S – Nel senso che se disperde questo patrimonio artistico potenzialmente presente in qualunque vino, e da cui dipende l’importante fattore “imprevedibilità”, fa un danno incommensurabile.
C – Concordo su quanto dicevi circa la presunta gerarchia dei vini: è un concetto non condivisibile e che non tiene conto del fatto che ogni vino, qualunque vino, ha una sua propria dignità. Inoltre ho sempre considerato la tendenza a blasonare i vini un errore storico. Una delle cause di quell’alone di esclusività, di ritualità e ridondante mitizzazione che ancora oggi si avverte intorno alla bottiglia e che è alla base della diffusa soggezione avvertita dagli utenti che non hanno (ancora) dimestichezza con il liquido odoroso.
S – In linea di massima potrei anche essere d’accordo con quanto affermi, però vorrei anche aggiungere che questa tendenza a blasonare è stata per certi versi inevitabile, nel senso che l’intenzione iniziale era quella di proteggere i vini di maggior valore. Basta ricordare, tanto per fare un esempio, quello che è successo nella zona delle Langhe quando il mondo, improvvisamente, si è innamorato dei vini bianchi. Salvo rarissimi casi, il prezzo dei vini Barolo e Barbaresco era sceso a livelli imbarazzanti, ampiamente al di sotto di quella che era una logica naturale. Un vino come il Gavi di Gavi, che allora andava molto di moda, costava più del Barolo ed era un vino che veniva messo in commercio al massimo dopo un anno dalla vendemmia. È facile comprendere come il problema principale spesso è dato dalla deriva di certi comportamenti.
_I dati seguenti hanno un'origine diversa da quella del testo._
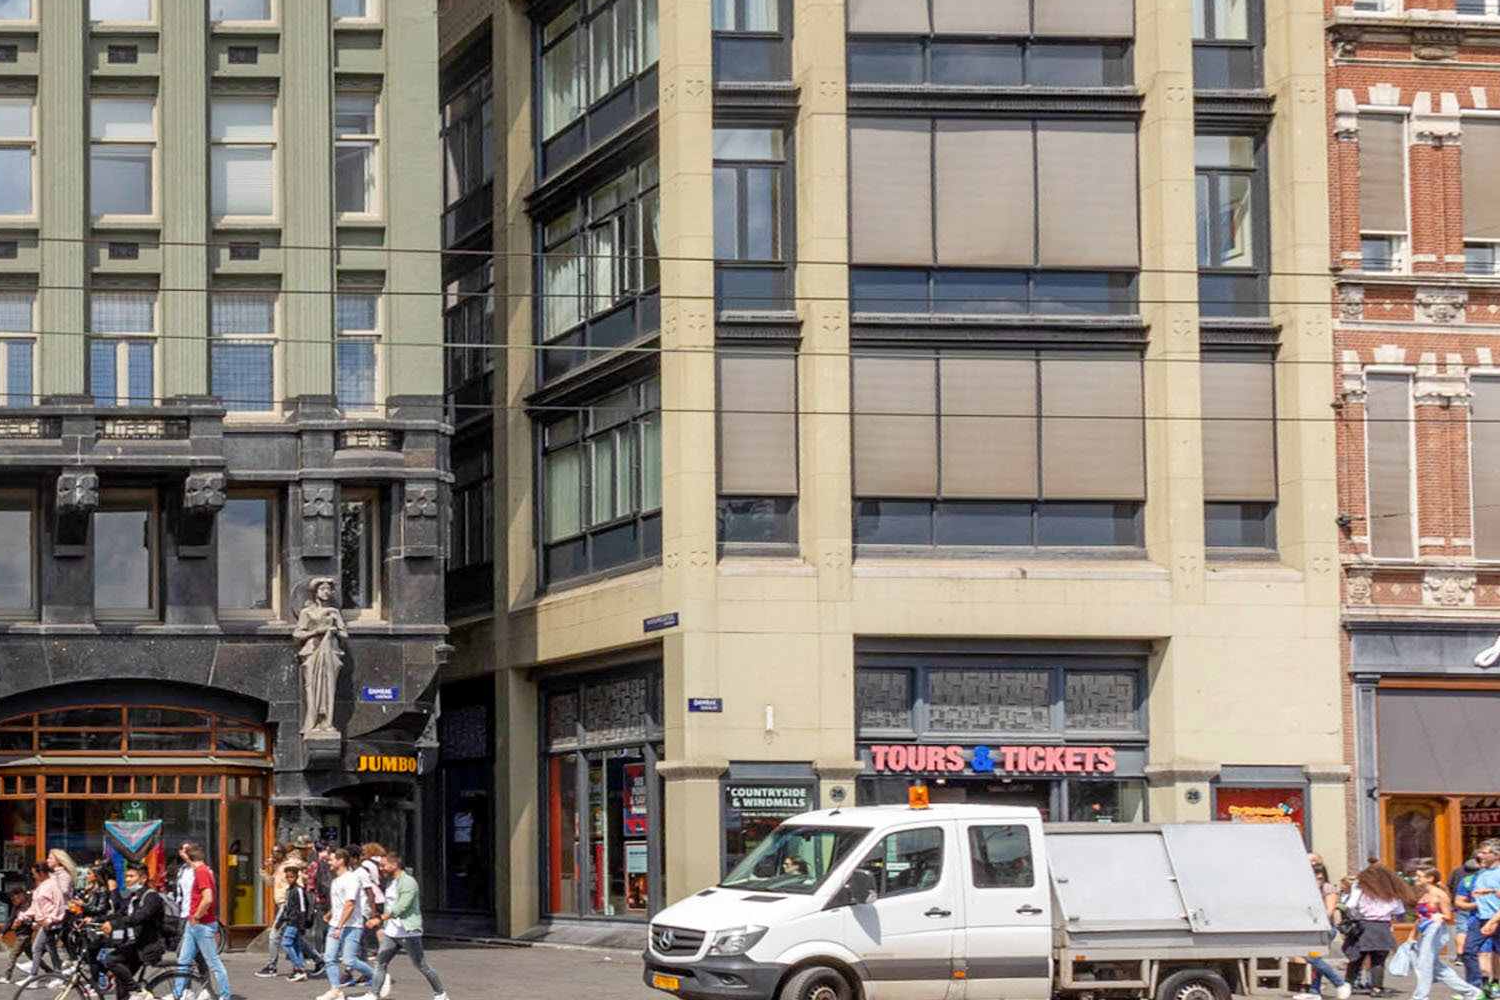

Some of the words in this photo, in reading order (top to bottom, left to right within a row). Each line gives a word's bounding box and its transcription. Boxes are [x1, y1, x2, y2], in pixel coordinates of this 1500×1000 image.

[357, 755, 417, 772] JUMBO
[870, 745, 965, 772] TOURS
[970, 745, 994, 772] &
[1000, 746, 1117, 773] TICKETS
[731, 788, 806, 797] COUNTRYSIDE
[743, 798, 805, 807] WINDMILLS
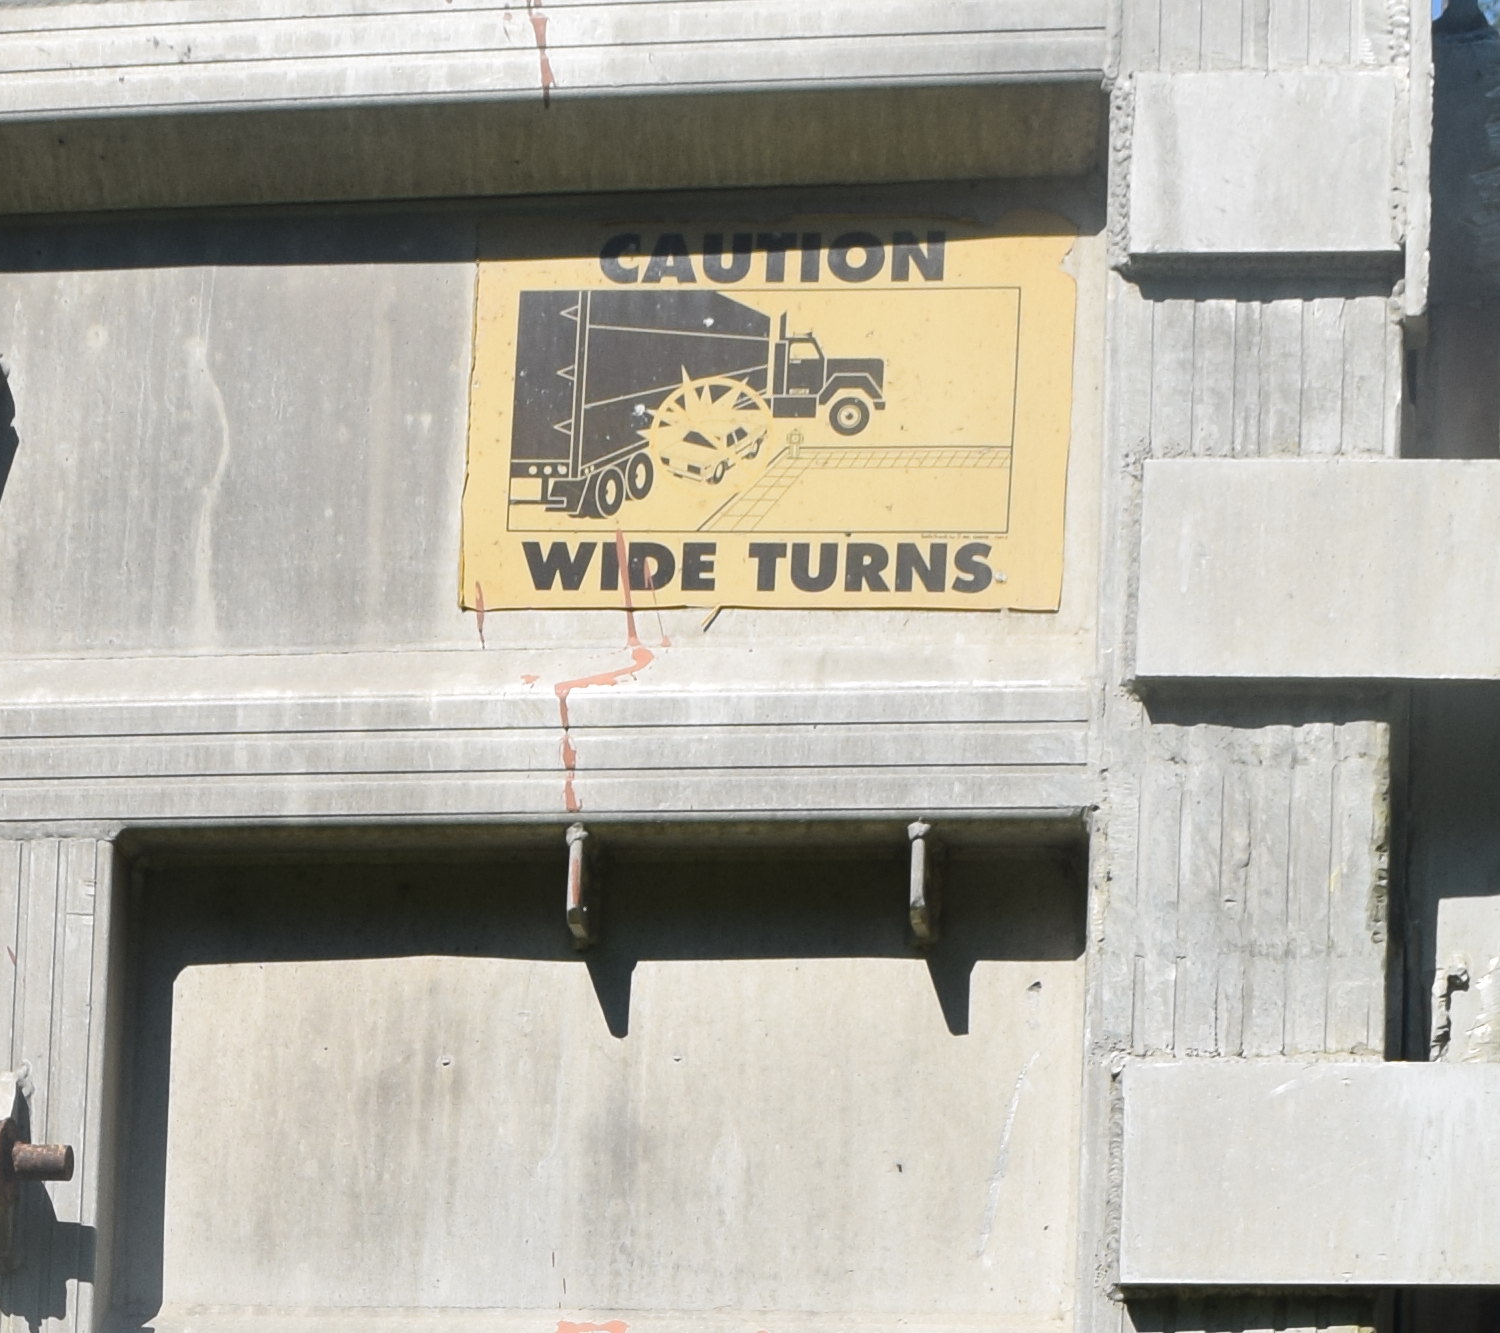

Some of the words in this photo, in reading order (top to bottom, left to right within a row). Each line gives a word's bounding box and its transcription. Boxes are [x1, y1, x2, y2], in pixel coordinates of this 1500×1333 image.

C – Certamente. E non si può dire che oggi le cose siano cambiate. Il mondo del vino continua a essere investito da impulsi modaioli che creano più danni che benefici al settore. Basti pensare, per esempio, all’area dell’Etna, sulla quale negli ultimi tempi si stanno lanciando molti produttori anche non siciliani.
S – È vero. Ma c’è da rilevare un aspetto fondamentale. La persona che si dedica al vino ha oggi la possibilità di scegliere come informarsi. Non è come al tempo di Veronelli, in cui la tv non aveva ancora fatto la sua strada e chi voleva leggere le recensioni del grande enogastronomo doveva cercarle con il lanternino. Adesso non è più così. Oggi chi vuole informarsi ha davvero tante possibilità, grazie anche al web.
C – Arte è ciò che viene fuori da tutto ciò che ha in sé una scintilla di rivelazione. Una forma d’arte costituisce un microcosmo fatto di cose che colpiscono l’intelletto, che lasciano il segno, e costituiscono quasi sempre l’espressione immortale di un’essenza superiore. L’artista, in genere, è sempre un essere al di sopra della mischia, fuori dalle normali convenzioni del mondo civile. La sua espressione artistica è il suo linguaggio. Il suo modo di comunicare con il mondo. Ma l’artista è sempre uno. E anche se opera in un ensemble, non perde in ogni caso la sua individualità. Originalità. Nella forma d’arte che stiamo considerando ci sono invece due attori: l’Uomo e la Natura. Il vino potrebbe dunque definirsi come espressione dell’arte di assecondare la Natura messa in atto dall’Uomo?
S – Vuoi dire: quanto ci ha messo la Natura e quanto ci ha messo l’Uomo?
C – Esattamente. In tal senso, potremmo considerare il vino un’opera d’arte davvero unica, poiché espressione di due artisti, affini e al tempo stesso potenzialmente contrastanti. Mi riferisco alle motivazioni che possono spingere un produttore, per esempio, a correggere i vini, a mettere in campo delle manipolazioni tese al raggiungimento di determinati fini utilitaristici, giungendo poi a un risultato che è più omologazione piuttosto che esaltazione di una Natura intrinsecamente presente nella materia prima di partenza.
S – Un produttore di tipo industriale finirà per snaturare, per togliere l’anima al vino realizzato proprio perché spinto da obiettivi ben precisi. Ci tengo a sottolineare che, in questo senso, il fattore “quantità” gioca un ruolo determinante, ma solo fino ad un certo punto.
C – E cioè?
S – Nel senso che un produttore che fa diecimila bottiglie all’anno, sempre uguali, apportando le dovute maipolazioni, lo considererò comunque un produttore industriale. In fondo quello che hai sollevato è, almeno in parte, un falso problema. Se il vino esiste è grazie all’uomo. Poi è una questione di ingerenze e sinergie. Il punto è: un vino di qualità, un vino buono, di quanto uomo ha bisogno?